Le ministère espagnol de la Santé affirme sur son site que la mammographie périodique « a démontré son efficacité dans la réduction de la mortalité chez les femmes qui en bénéficient ». Cependant, certains groupes médicaux contestent ces résultats et soulignent que l’examen de dépistage ne permet pas, à lui seul, de confirmer la présence ni d’évaluer l’agressivité d’un cancer, ce qui conduit parfois à des gestes médicaux plus lourds qu’utiles.

Le ministère de la Santé affirme que « les bénéfices du dépistage compensent les effets indésirables du procédé, tels que le surdiagnostic, le surtraitement et les conséquences liées aux faux positifs ou aux faux négatifs ».

Dans la même optique, le gouvernement de Navarre précise que la mortalité par cancer du sein dans cette communauté autonome a chuté de 35 % depuis le lancement, en 1990, du programme national de dépistage précoce.

Un groupe de chercheurs de l’Institut de recherche biomédicale de Lérida et de l’Université de Lérida, dirigé par Montserrat Rue, avait publié en 2009 une étude montrant une réduction de la mortalité variant d’environ 20 % pour un dépistage biennal entre 50 et 69 ans à près de 30 % pour un dépistage annuel entre 40 et 74 ans.
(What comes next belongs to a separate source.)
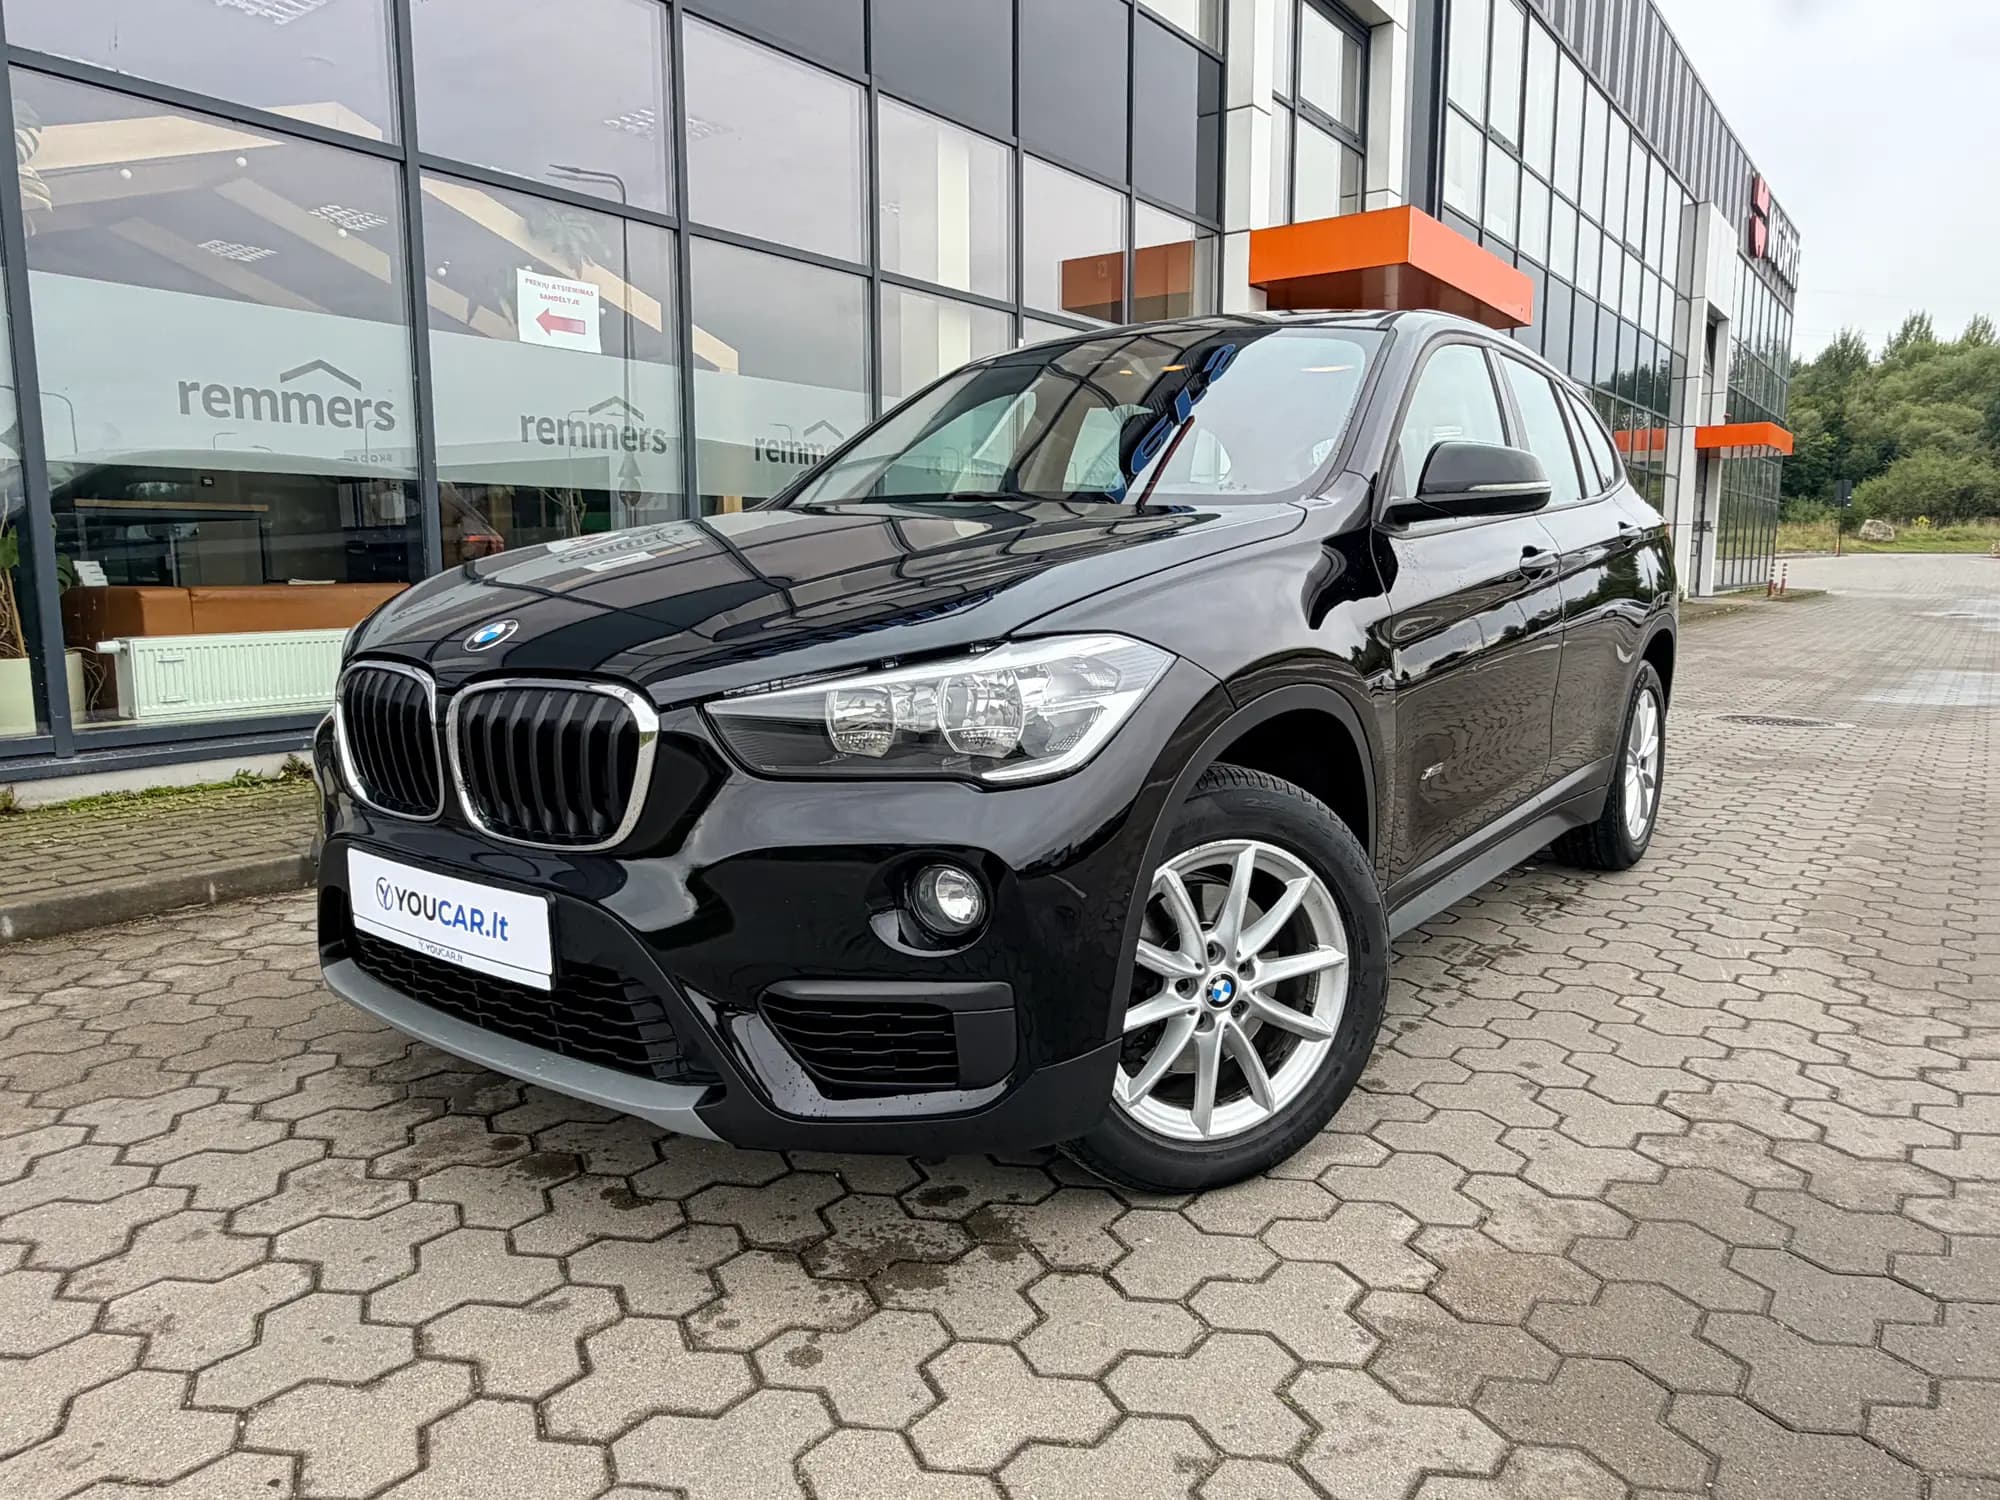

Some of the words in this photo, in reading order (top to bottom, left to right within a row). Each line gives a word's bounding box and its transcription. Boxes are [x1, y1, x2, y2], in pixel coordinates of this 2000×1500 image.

Leur méthode reposait sur un modèle statistique élaboré à partir de données catalanes (2009) concernant l’incidence, la mortalité, la survie, la répartition selon le stade et la sensibilité du dépistage.

Cependant, sur le site du ministère espagnol de la Santé, les sections renvoyant aux documents techniques soutenant le programme et à l’évaluation de ces dépistages n’offrent pas de contenu accessible. Il n’est donc pas possible, du moins publiquement, de consulter ces informations.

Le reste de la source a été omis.